CITRUS COUNTY, Fla. (WFLA) — Linda Florea lives a short distance from the main road, just off a dirt road in the community of Ozella in Citrus County, an area hit hard by Hurricane Idalia.
Florea left her home before the storm and returned to find water from storm surge had entered her residence and soaked her belongings.
“The storm surge did get in the house a bit and we did have to take up floors and a little bit of wall. I don’t have dry wall, I was smart enough not to do that,” said Florea.
Debris from the storm lines the main road and her street.
On Tuesday, some people in the neighborhood were informed by a contractor they will not pick up the debris from streets that are considered to be private. Florea lives on one of those streets.
“Doesn’t seem quite fair to me because we pay bills, even though our street’s private we are still paying the county all of the county fees,” said Florea.
Getting her damaged items to the street will not be easy for Florea.
“For people like me, that are single, that’s hard,” she said.
Gary Bartell owns the Ozella Keys Marina and spoke to contractors in the area about the debris problem.

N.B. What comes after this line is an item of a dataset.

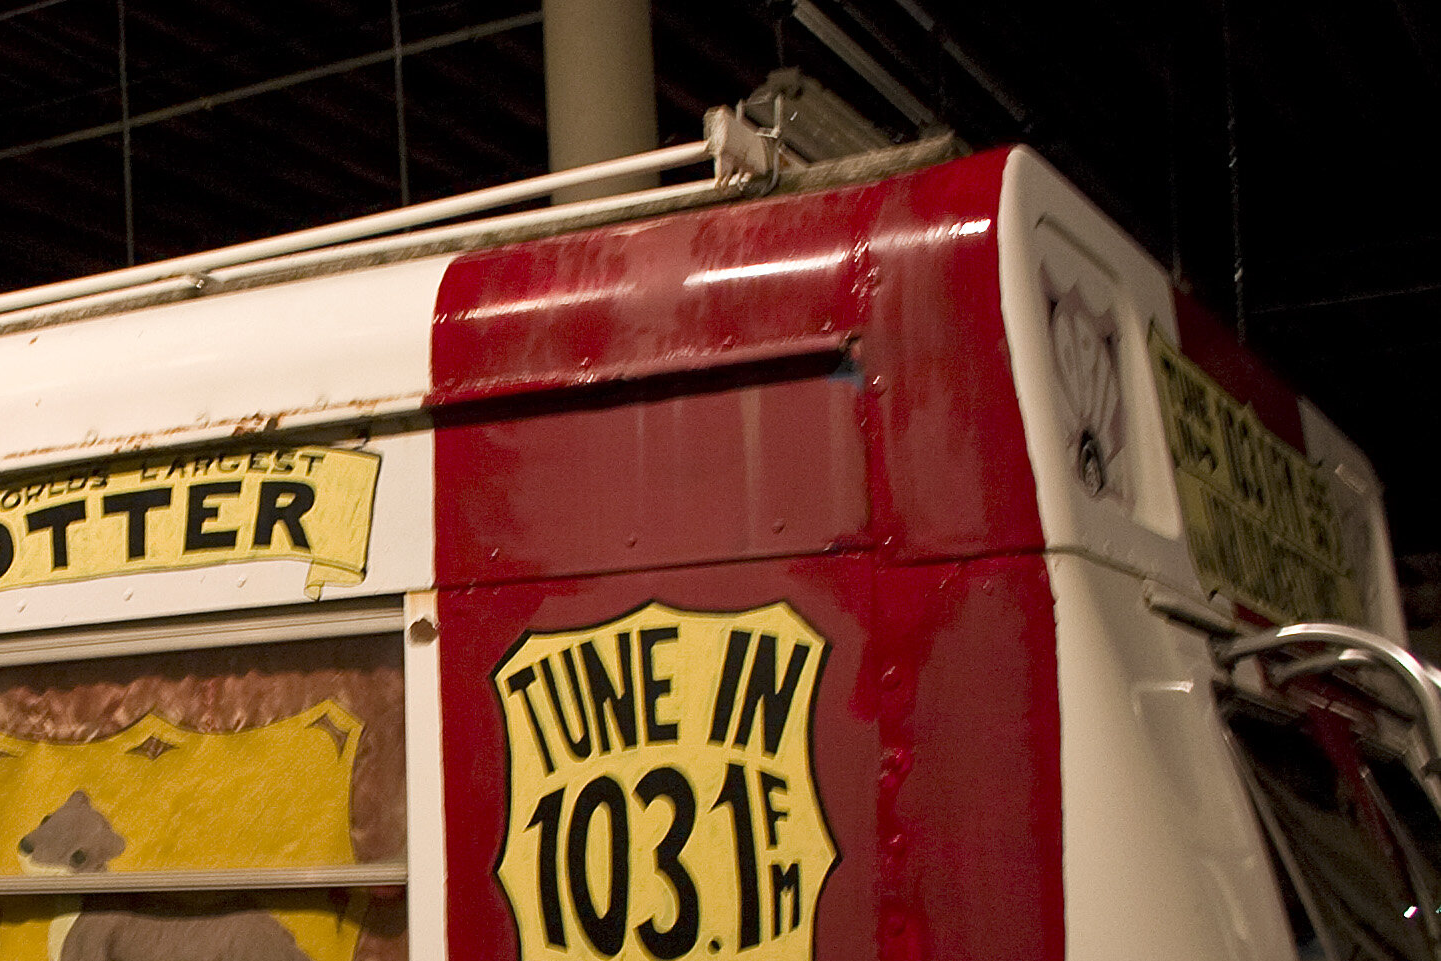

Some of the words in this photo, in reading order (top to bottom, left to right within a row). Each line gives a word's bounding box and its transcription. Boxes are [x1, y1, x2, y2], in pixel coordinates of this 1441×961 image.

[138, 450, 328, 483] LARGEST
[504, 621, 680, 777] TUNE
[707, 624, 810, 761] IN

“I’m assuming by law, by FEMA regulations can not go down these private roads to pick up this trash. We’ve talked to a lot of people, we went and drove around last night, a lot of people don’t even know that their roads are private,” said Bartell.
A county representative said “removal of debris in the wake of Hurricane Idalia is a top priority for Citrus County.”

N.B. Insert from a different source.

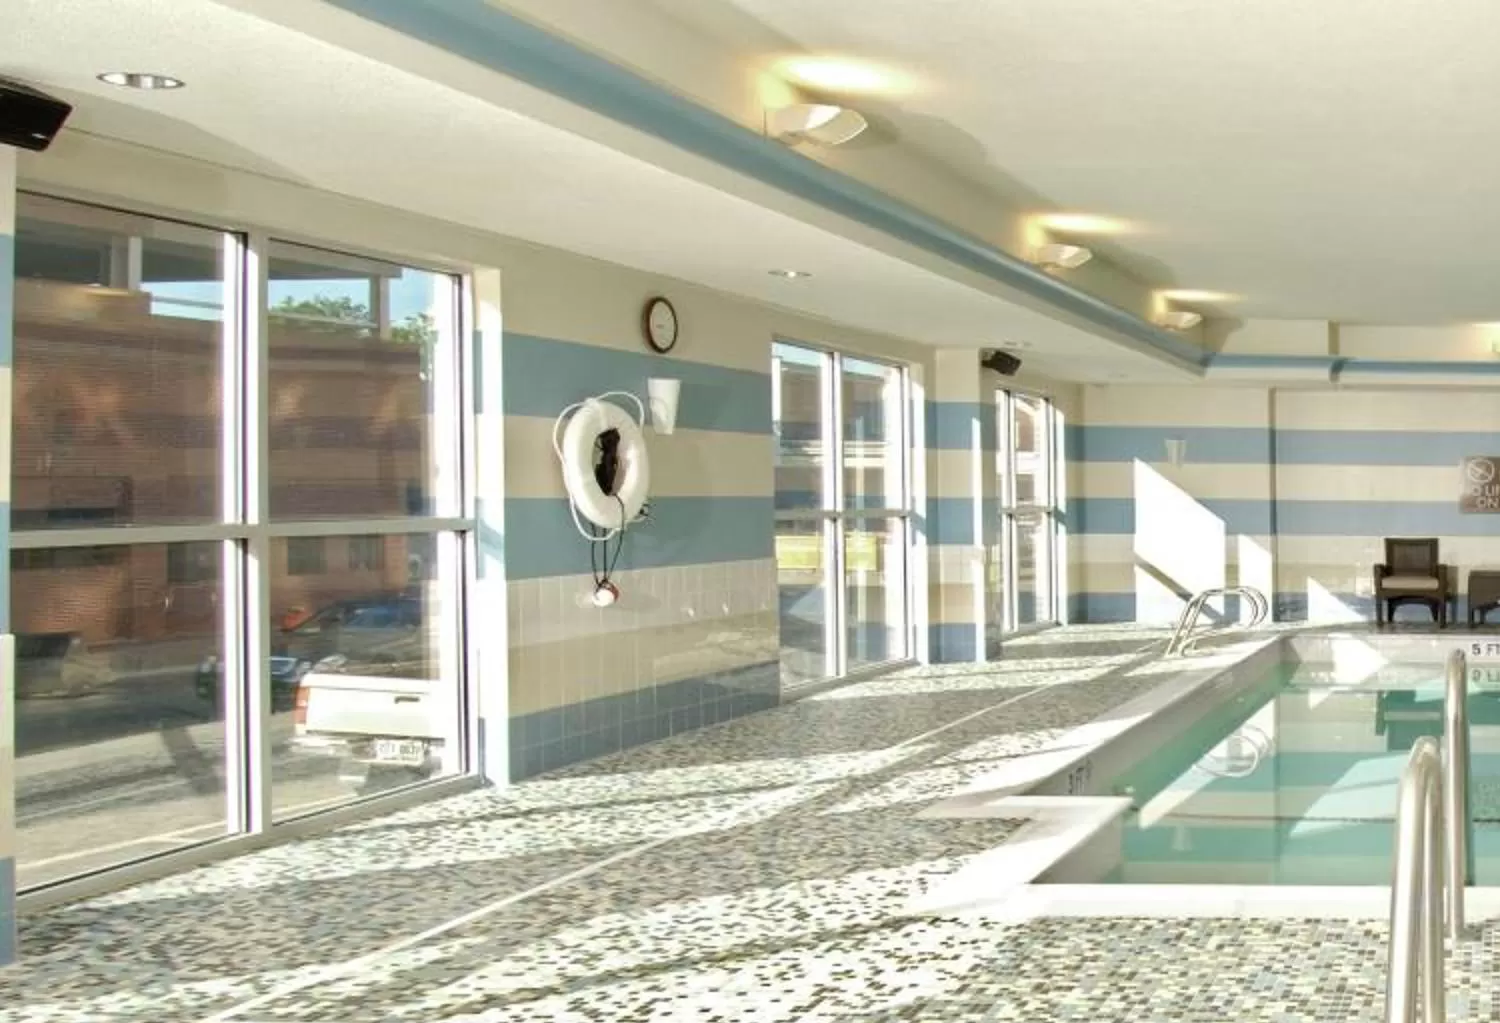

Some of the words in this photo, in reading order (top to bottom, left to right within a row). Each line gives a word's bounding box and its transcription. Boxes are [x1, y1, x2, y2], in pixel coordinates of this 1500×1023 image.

[1476, 498, 1499, 509] ON
[1472, 643, 1481, 655] 5
[1487, 643, 1500, 655] FT

They say they will work with the contractor to find a solution for people on private roads.
“Currently, the contractor is providing removal services on public rights-of-way only. (Per FEMA guidance, debris removal from private property is generally the responsibility of the property owner, just as before the hurricane.) However, Citrus County is working with our federal, state, and local partners to seek and implement solutions to assist residents living on private roads. This is just step one in a long disaster recovery process, and more information will become available as it moves forward,” the representative said in a statement.
Bartell says he hopes the debris is removed soon.
“One good high tide and all of this trash that’s out here that’s being piled up is going to end up in the rivers,” said Bartell who has lived in the area his entire life.